I hiked it again this year after reading the book Death in Big Bend: Real Stories of Death and Rescue in Big Bend National Park, by Laurence Parent. (This is a great read, by the way) There’s a story in the book about a young man who ventured out on this easy, 2-mile trail and got lost, eventually suffering from heat stroke and perishing in the hot, desert sun. Part of the trail follows a wash and hikers must pay attention to the markers indicating when the trail leaves the wash and takes a turn leading back to the parking area. This particular hiker was on the trail on a blistering hot day in early summer and was probably already suffering from heat stroke and disoriented as he was returning to the parking area from the end of the trail at the balanced rock. He missed the marker where the trail exits the wash and, instead, continued down the wash. That was his fatal mistake.
One cannot see the parking area from the wash as it sits lower in elevation where it passes the lot and, is therefore, hidden from view. The hiker overshot the parking area by a few hundred feet and, in his disoriented mental state, kept walking in the wash. A mile or so beyond his car, he perished.

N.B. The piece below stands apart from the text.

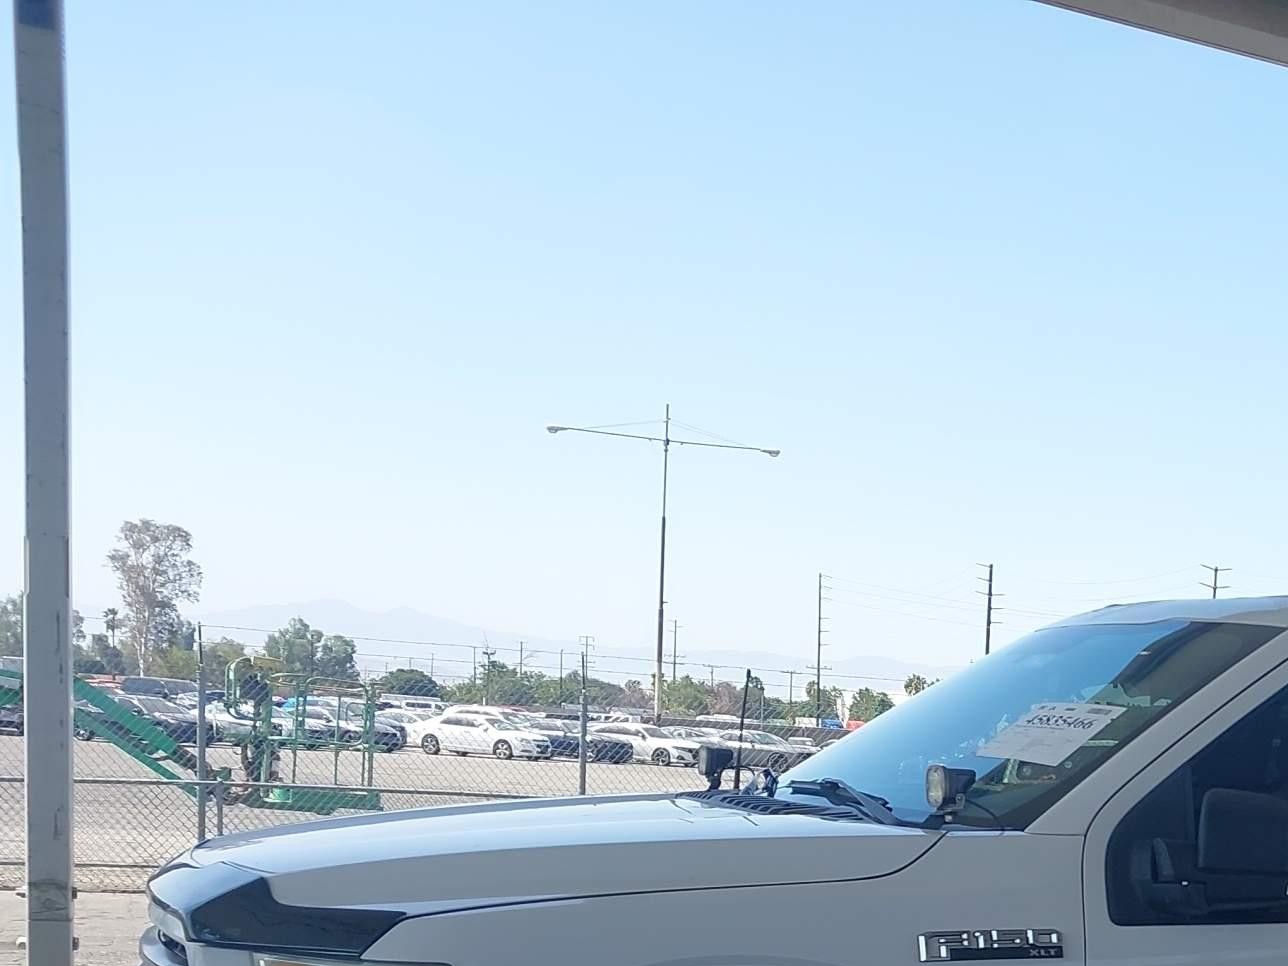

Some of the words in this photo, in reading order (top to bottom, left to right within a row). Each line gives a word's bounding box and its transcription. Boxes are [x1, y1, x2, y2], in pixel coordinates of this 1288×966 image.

I was curious about how this could have happened and, once we returned to the parking lot, I walked down the road which descended steeply to the wash and saw where he must have crossed the road. There would have been no indication at the time that the trailhead parking area was nearby at this juncture. The park service has now placed a directional sign in the middle of the wash at this crossing with an arrow pointing to the parking area. It was very sobering to realize just how quickly one can be overcome with heat and lose their way – even on the easiest of hikes. What’s the lesson here? During the hottest times of the year, carry plenty of water, hike during the coolest parts of the day and tell someone where you are going and when you expect to return.